- [Required action]: An exact restatement of the data is required, with the images omitted.

#####

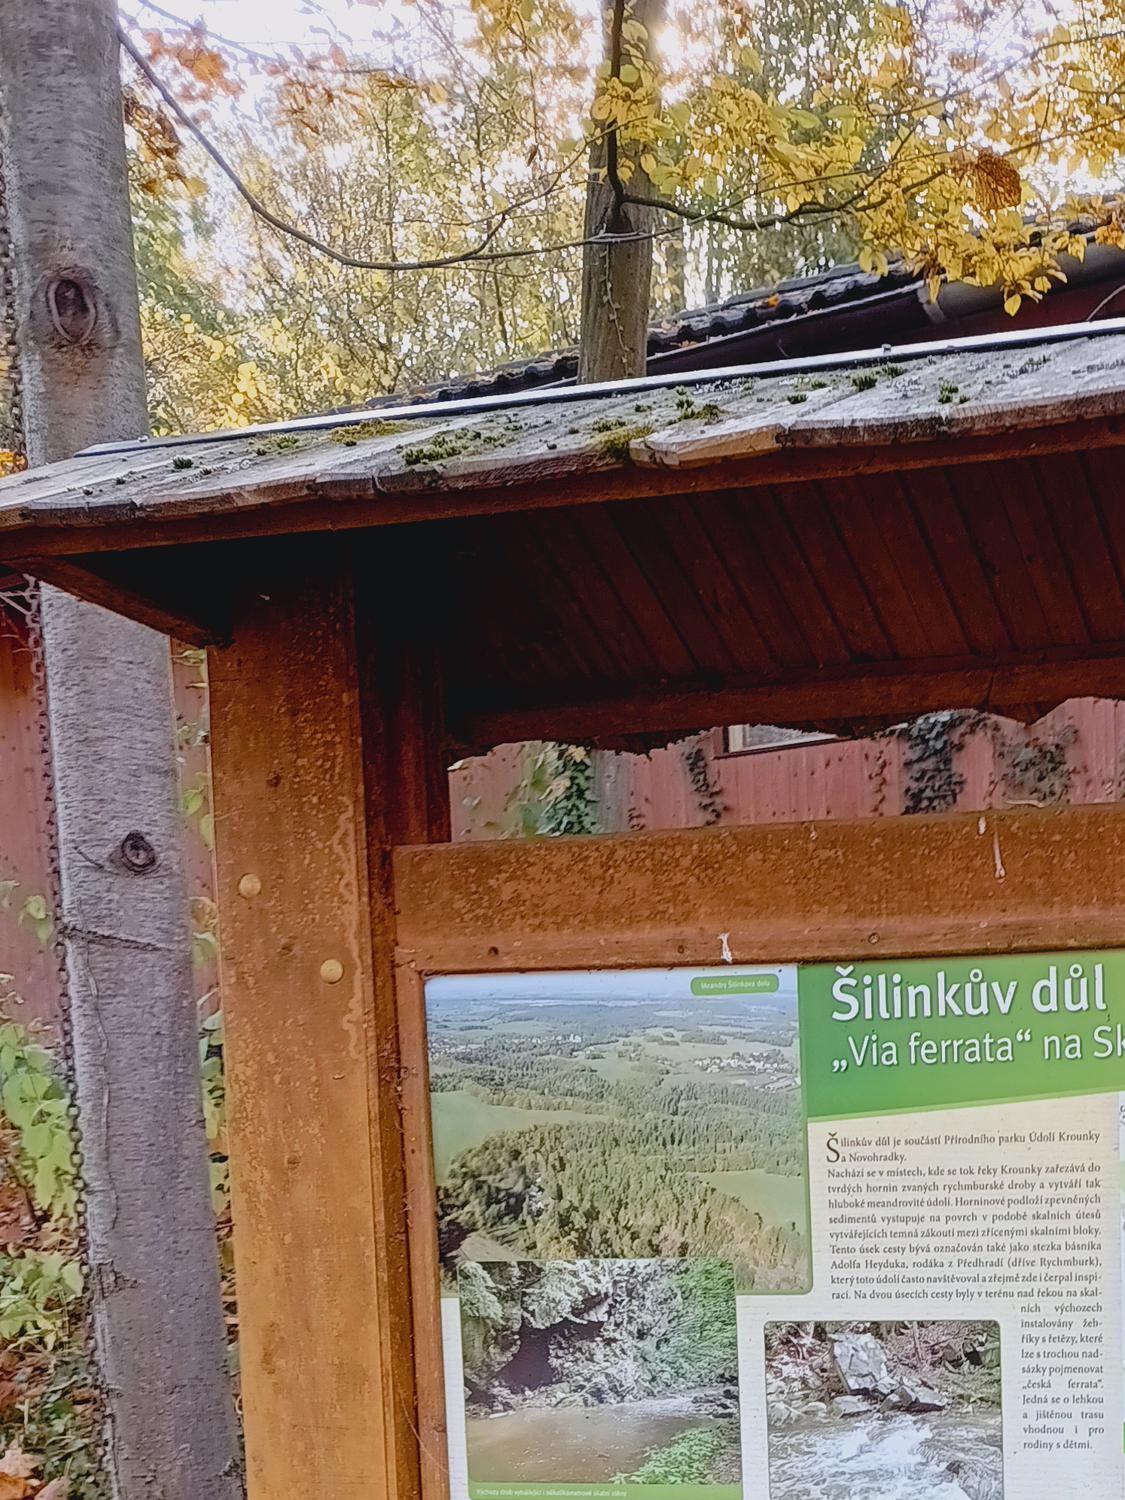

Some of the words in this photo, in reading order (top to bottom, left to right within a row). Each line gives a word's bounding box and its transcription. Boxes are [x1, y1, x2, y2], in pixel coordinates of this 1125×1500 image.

[831, 966, 1017, 1022] Šilinkův
[1031, 964, 1107, 1013] důl
[831, 1035, 899, 1072] „Via
[909, 1030, 1032, 1066] ferrata“
[1043, 1035, 1081, 1061] na
[875, 1136, 890, 1146] důl
[893, 1137, 901, 1148] je
[904, 1135, 941, 1145] součástí
[998, 1132, 1025, 1146] parku
[1028, 1131, 1055, 1142] Údolí
[1058, 1130, 1100, 1144] Krounky
[827, 1167, 864, 1178] Nachází
[927, 1165, 944, 1176] kde
[947, 1168, 956, 1176] se
[959, 1165, 974, 1175] tok
[977, 1164, 998, 1178] řeky
[1000, 1163, 1042, 1177] Krounky
[1044, 1163, 1085, 1173] zařezává
[1087, 1162, 1101, 1172] do
[827, 1183, 862, 1197] tvrdých
[865, 1182, 897, 1192] hornin
[901, 1181, 939, 1194] zvaných
[1007, 1179, 1036, 1192] droby
[1048, 1178, 1081, 1192] vytváří
[1085, 1177, 1101, 1188] tak
[828, 1213, 876, 1224] sedimentů
[880, 1214, 925, 1226] vystupuje
[944, 1211, 977, 1225] povrch
[991, 1210, 1027, 1224] podobě
[1031, 1209, 1071, 1220] skalních
[1075, 1209, 1101, 1219] útesů
[889, 1228, 918, 1238] temná
[920, 1227, 954, 1237] zákoutí
[956, 1228, 979, 1237] mezi
[980, 1226, 1027, 1239] zřícenými
[1029, 1225, 1070, 1236] skalními
[830, 1259, 861, 1269] Adolfa
[912, 1258, 944, 1268] rodáka
[957, 1257, 1003, 1268] Předhradí
[1007, 1257, 1035, 1268] (dříve
[1020, 1303, 1040, 1313] ních
[1054, 1302, 1102, 1315] výchozech
[1021, 1364, 1047, 1376] sázky
[1021, 1379, 1051, 1389] „česká
[1022, 1394, 1048, 1405] Jedná
[1051, 1396, 1060, 1404] se
[1072, 1393, 1104, 1404] lehkou
[1023, 1439, 1054, 1451] rodiny

#####

- [Result below]:
Some of the words in this photo, in reading order (top to bottom, left to right within a row). Each line gives a word's bounding box and its transcription. Boxes are [x1, y1, x2, y2], in pixel coordinates of this 1125×1500 image.

[831, 966, 1017, 1022] Šilinkův
[1031, 964, 1107, 1013] důl
[831, 1035, 899, 1072] „Via
[909, 1030, 1032, 1066] ferrata“
[1043, 1035, 1081, 1061] na
[875, 1136, 890, 1146] důl
[893, 1137, 901, 1148] je
[904, 1135, 941, 1145] součástí
[998, 1132, 1025, 1146] parku
[1028, 1131, 1055, 1142] Údolí
[1058, 1130, 1100, 1144] Krounky
[827, 1167, 864, 1178] Nachází
[927, 1165, 944, 1176] kde
[947, 1168, 956, 1176] se
[959, 1165, 974, 1175] tok
[977, 1164, 998, 1178] řeky
[1000, 1163, 1042, 1177] Krounky
[1044, 1163, 1085, 1173] zařezává
[1087, 1162, 1101, 1172] do
[827, 1183, 862, 1197] tvrdých
[865, 1182, 897, 1192] hornin
[901, 1181, 939, 1194] zvaných
[1007, 1179, 1036, 1192] droby
[1048, 1178, 1081, 1192] vytváří
[1085, 1177, 1101, 1188] tak
[828, 1213, 876, 1224] sedimentů
[880, 1214, 925, 1226] vystupuje
[944, 1211, 977, 1225] povrch
[991, 1210, 1027, 1224] podobě
[1031, 1209, 1071, 1220] skalních
[1075, 1209, 1101, 1219] útesů
[889, 1228, 918, 1238] temná
[920, 1227, 954, 1237] zákoutí
[956, 1228, 979, 1237] mezi
[980, 1226, 1027, 1239] zřícenými
[1029, 1225, 1070, 1236] skalními
[830, 1259, 861, 1269] Adolfa
[912, 1258, 944, 1268] rodáka
[957, 1257, 1003, 1268] Předhradí
[1007, 1257, 1035, 1268] (dříve
[1020, 1303, 1040, 1313] ních
[1054, 1302, 1102, 1315] výchozech
[1021, 1364, 1047, 1376] sázky
[1021, 1379, 1051, 1389] „česká
[1022, 1394, 1048, 1405] Jedná
[1051, 1396, 1060, 1404] se
[1072, 1393, 1104, 1404] lehkou
[1023, 1439, 1054, 1451] rodiny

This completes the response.